Apenas conocía cinco filmes de Joris Ivens: El puente (1928), Lluvia (1929), Miseria en el Borinage (con Henri Stork, 1934), Tierra de España (1937) y Paralelo 17 (con su mujer, Marceline Loridan,1968). Pero hace quince días Felipe Vega me mandó un paquete con ocho películas que no había visto -"para que escribas algo sobre Ivens en tu escuela"- y amojoné con ellas estas dos últimas semanas. Con La Seine a rencontré Paris (1957), ...à Valparaíso (1963) o su última película, Une histoire de vent (con Marceline Loridan,1988)
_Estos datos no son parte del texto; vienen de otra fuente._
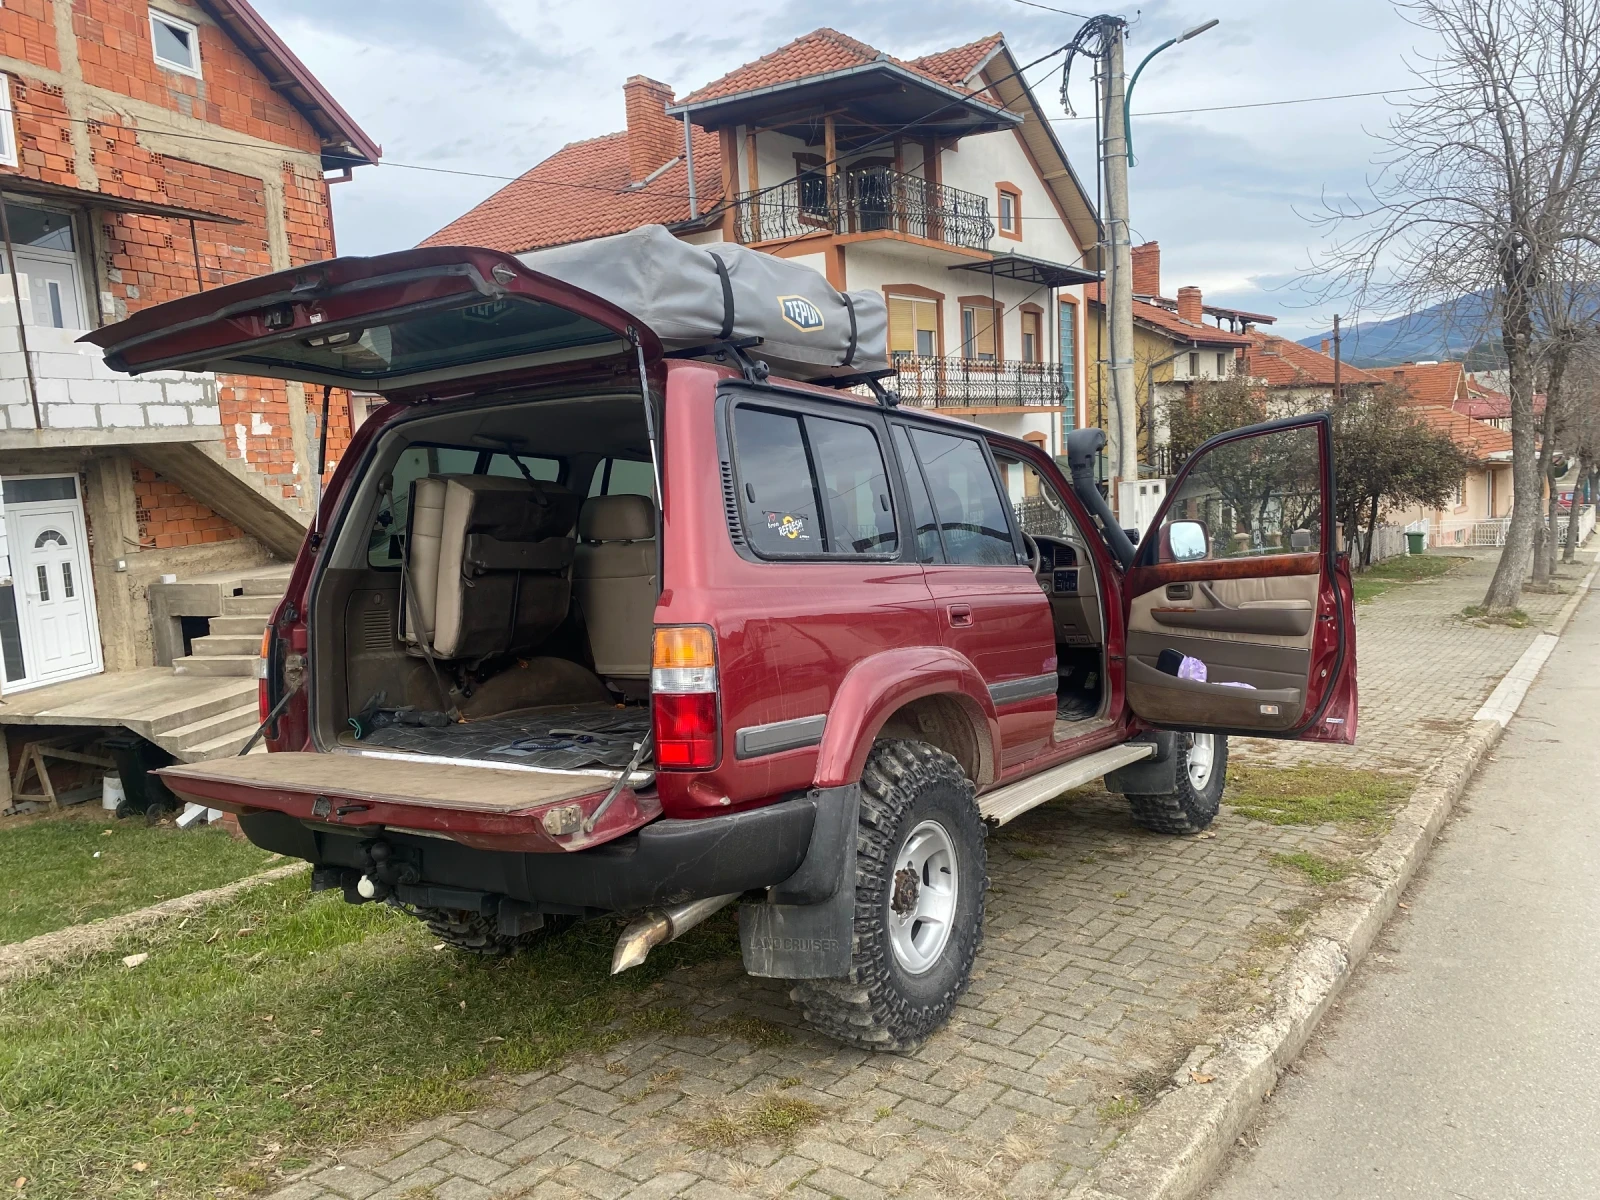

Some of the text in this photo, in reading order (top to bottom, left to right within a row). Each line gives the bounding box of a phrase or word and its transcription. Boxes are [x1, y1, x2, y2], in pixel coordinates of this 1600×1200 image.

Joris Ivens con Marceline Loridan
en el rodaje de Une histoire de vent
Joris Ivens se merece, quizá como ningún otro, el título de cineasta del mundo. El historiador del cine Georges Sadoul lo definió como el holandés errante. Y eso que iba para tendero. Su abuelo había sido un fotógrafo prestigioso y su padre montó la primera cadena de tiendas de material fotográfico en Holanda. El futuro cineasta estaba destinado a heredar el negocio. Tras licenciarse en economía en Rotterdam, estudió fotografía -fotoquímica, óptica y construcción de cámaras- en Berlín e hizo prácticas en varias empresas del ramo, como la fábrica de lentes Zeiss. Pero en Alemania se apasiona por el cine -Pabst, Dupont, Murnau...- y el comunismo. Vuelve a Holanda, se instala en Amsterdam, y en 1927, cuando ya ejerce como vicepresidente de la empresa familiar, funda la noche del 13 de mayo en compañía de otros cinéfilos la Filmliga, con objetivo de dar a ver el cine invisible, aquellas películas que estaban prohibidas o no se proyectaban en las salas comerciales, pongamos por caso Nanook, el esquimal (1922) de Flaherty o La madre (1926) de Pudovkin.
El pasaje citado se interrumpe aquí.